• EXERCISE DETAILS:
Where an entry holds an image, skip the image but reproduce the rest word for word.

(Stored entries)
--*--
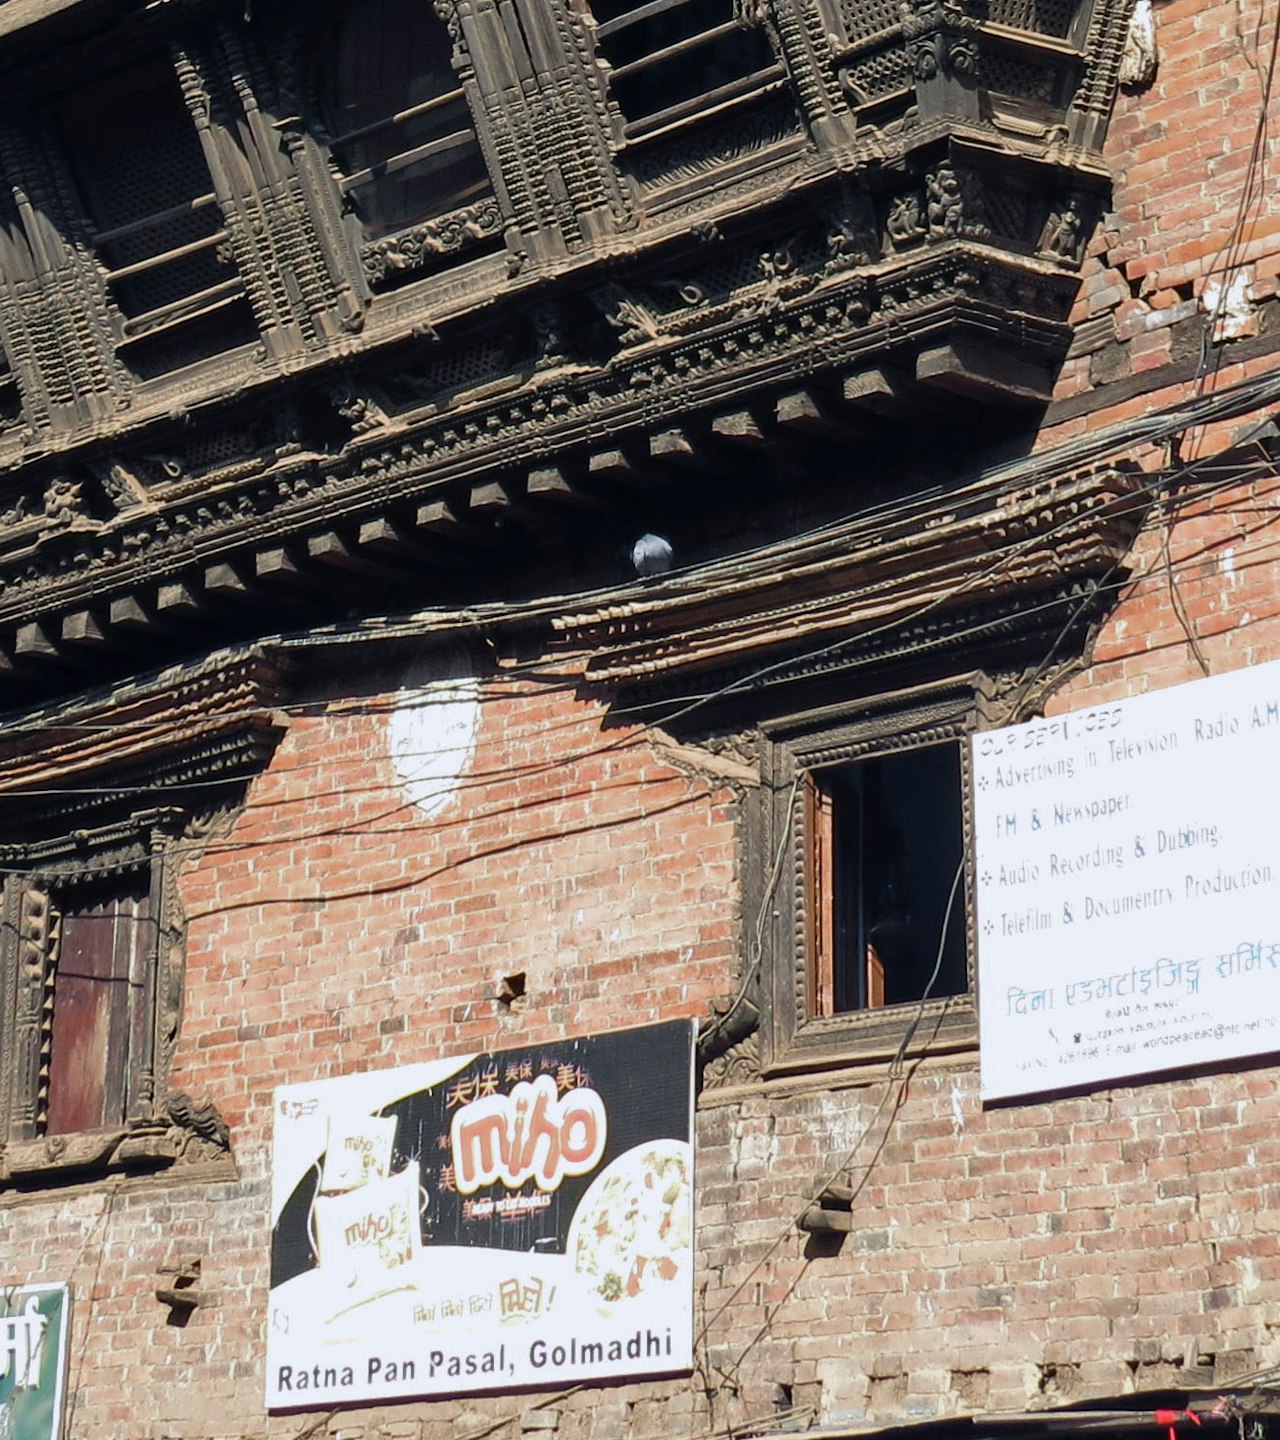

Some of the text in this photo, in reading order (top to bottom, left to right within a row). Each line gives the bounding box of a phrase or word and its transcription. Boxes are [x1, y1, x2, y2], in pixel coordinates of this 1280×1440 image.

[995, 756, 1074, 790] Advertising
[1084, 747, 1097, 767] in
[1108, 731, 1178, 763] Television
[1194, 713, 1239, 742] Radio
[996, 813, 1017, 838] FM
[1031, 808, 1042, 831] &
[998, 862, 1040, 888] Audio
[1050, 844, 1123, 879] Recording
[1134, 835, 1145, 858] &
[1001, 909, 1052, 937] Telefilm
[1062, 900, 1073, 924] &
[1084, 886, 1173, 921] Documentry
[458, 1085, 598, 1184] miho
[277, 1327, 672, 1392] Ratna Pan Pasal, Golmadhi
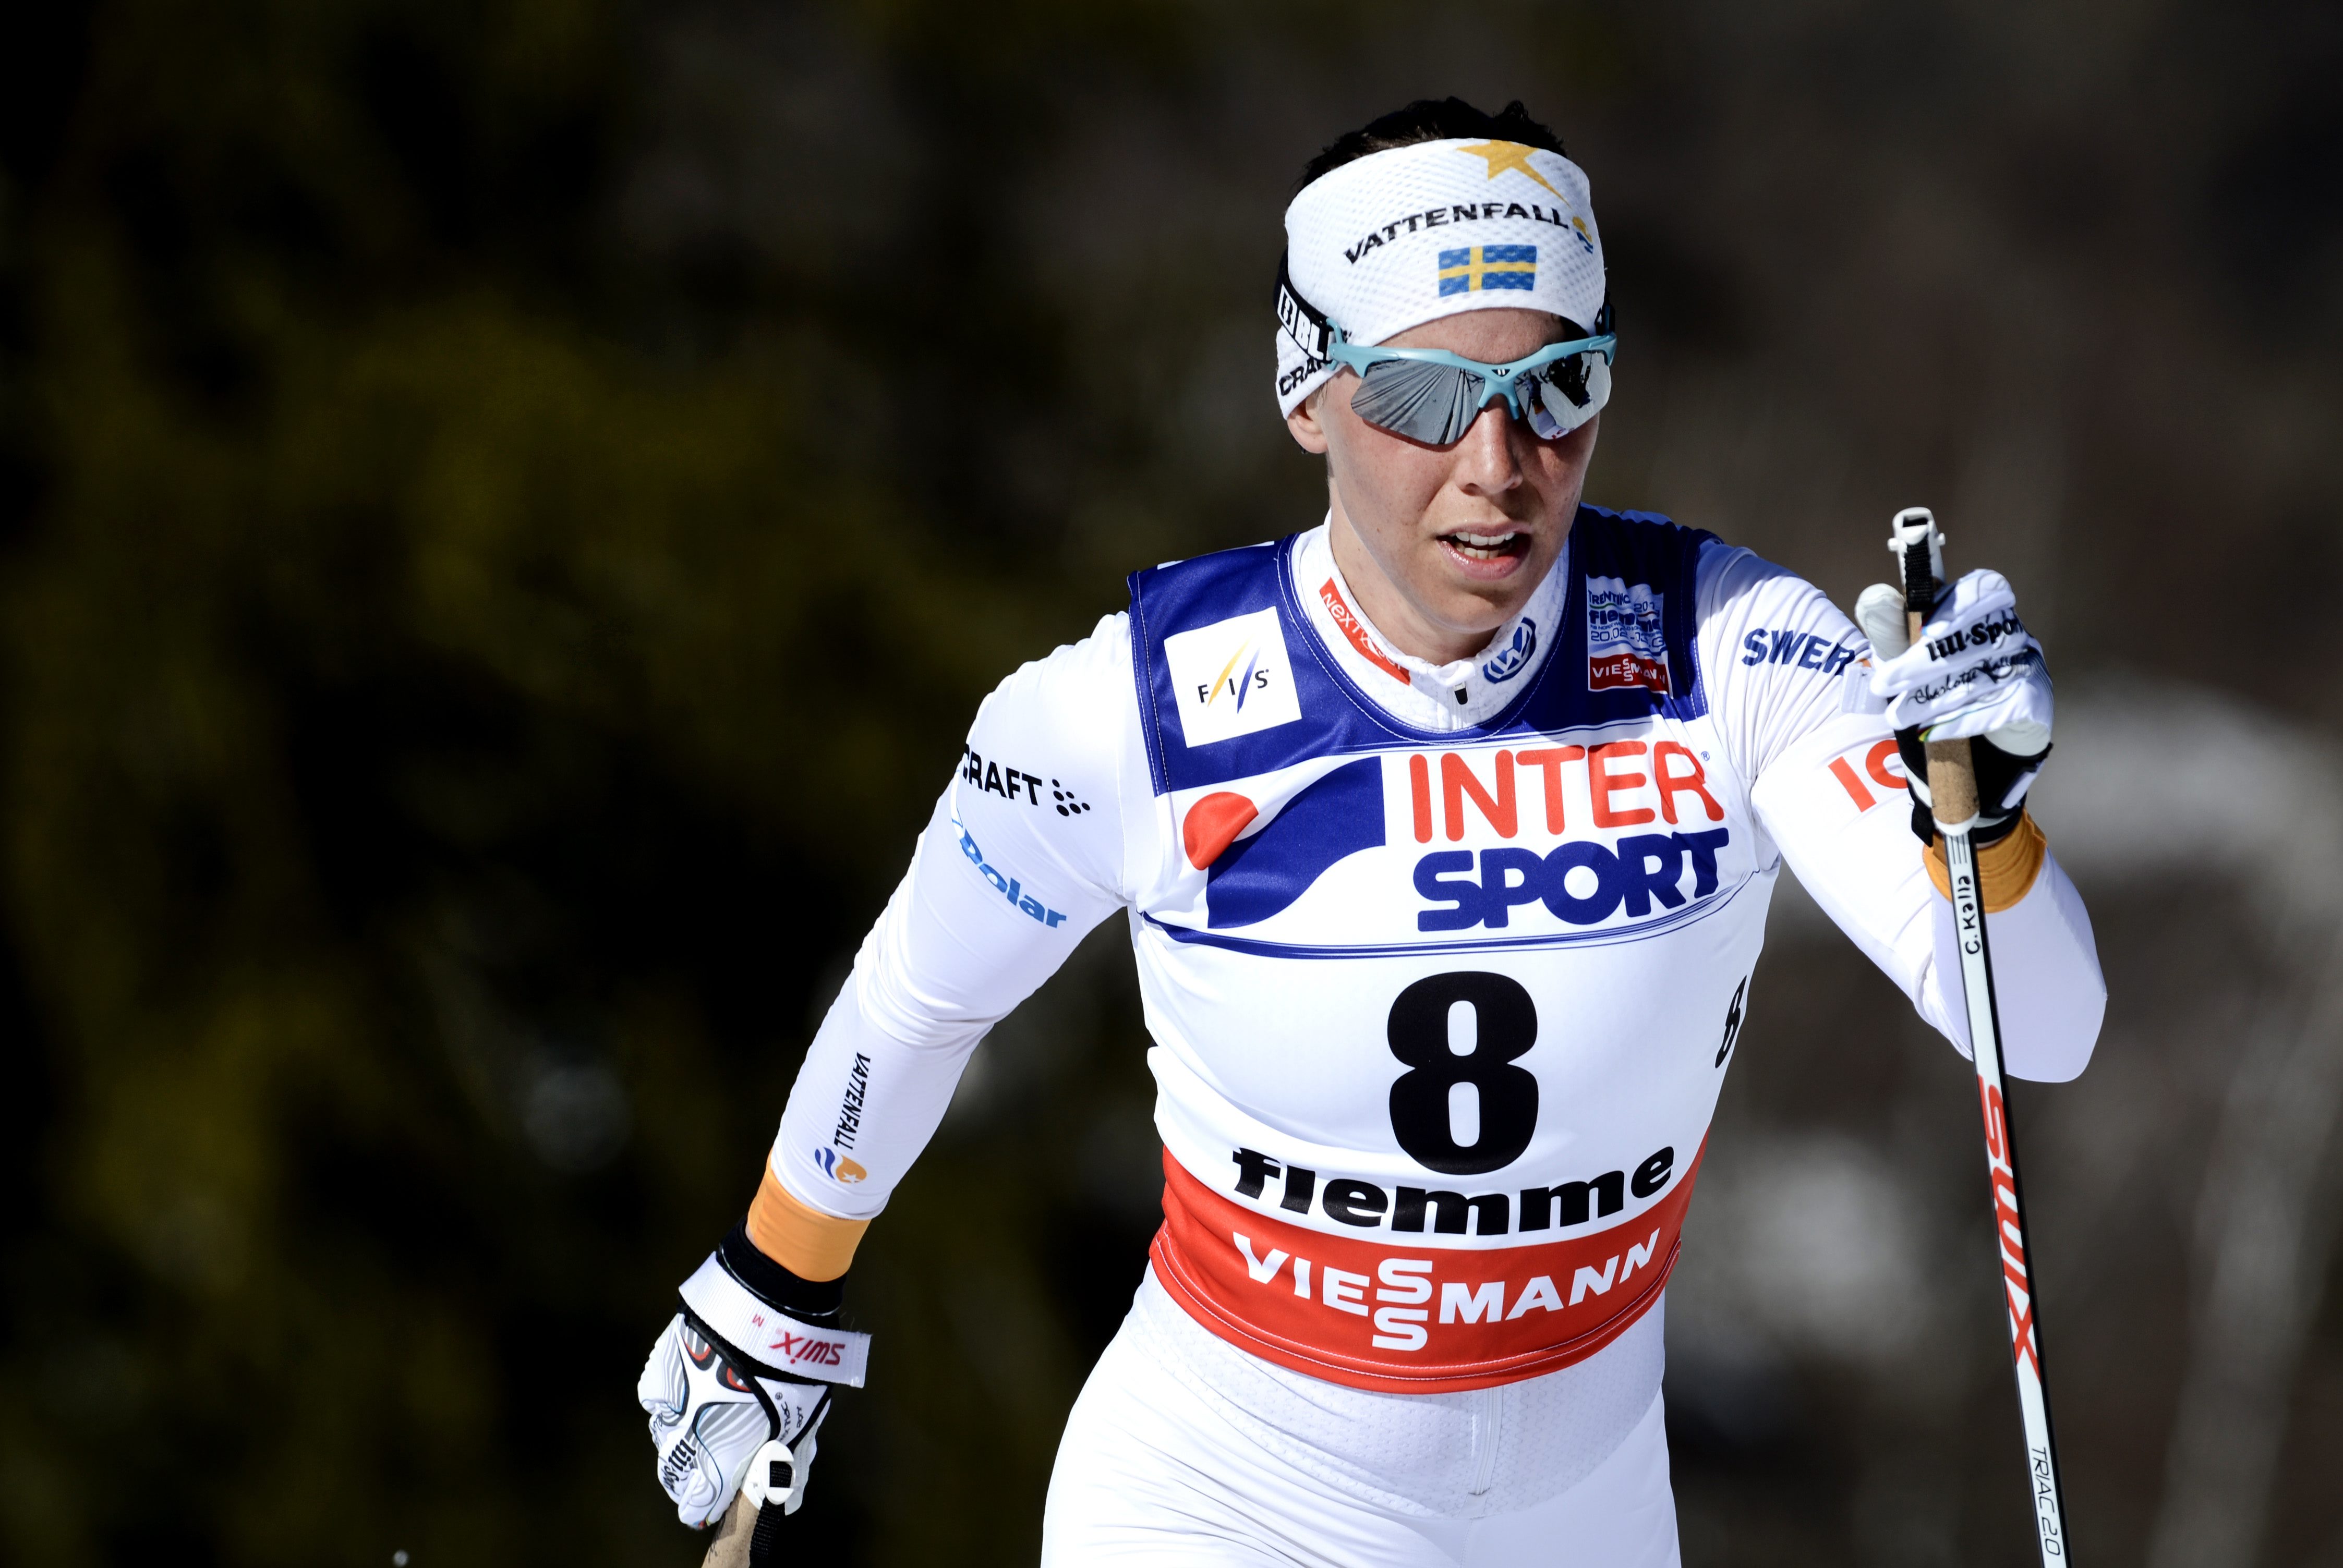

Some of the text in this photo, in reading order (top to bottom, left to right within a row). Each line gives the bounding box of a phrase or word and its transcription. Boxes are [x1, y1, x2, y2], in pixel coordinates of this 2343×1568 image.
--*--
• COMPLETED TASK:
Some of the text in this photo, in reading order (top to bottom, left to right within a row). Each line gives the bounding box of a phrase or word and its transcription. Boxes are [x1, y1, x2, y2], in pixel coordinates of this 1280×1440 image.

[995, 756, 1074, 790] Advertising
[1084, 747, 1097, 767] in
[1108, 731, 1178, 763] Television
[1194, 713, 1239, 742] Radio
[996, 813, 1017, 838] FM
[1031, 808, 1042, 831] &
[998, 862, 1040, 888] Audio
[1050, 844, 1123, 879] Recording
[1134, 835, 1145, 858] &
[1001, 909, 1052, 937] Telefilm
[1062, 900, 1073, 924] &
[1084, 886, 1173, 921] Documentry
[458, 1085, 598, 1184] miho
[277, 1327, 672, 1392] Ratna Pan Pasal, Golmadhi

Some of the text in this photo, in reading order (top to bottom, left to right within a row). Each line gives the bounding box of a phrase or word and its transcription. Boxes are [x1, y1, x2, y2], in pixel coordinates of this 2343×1568 image.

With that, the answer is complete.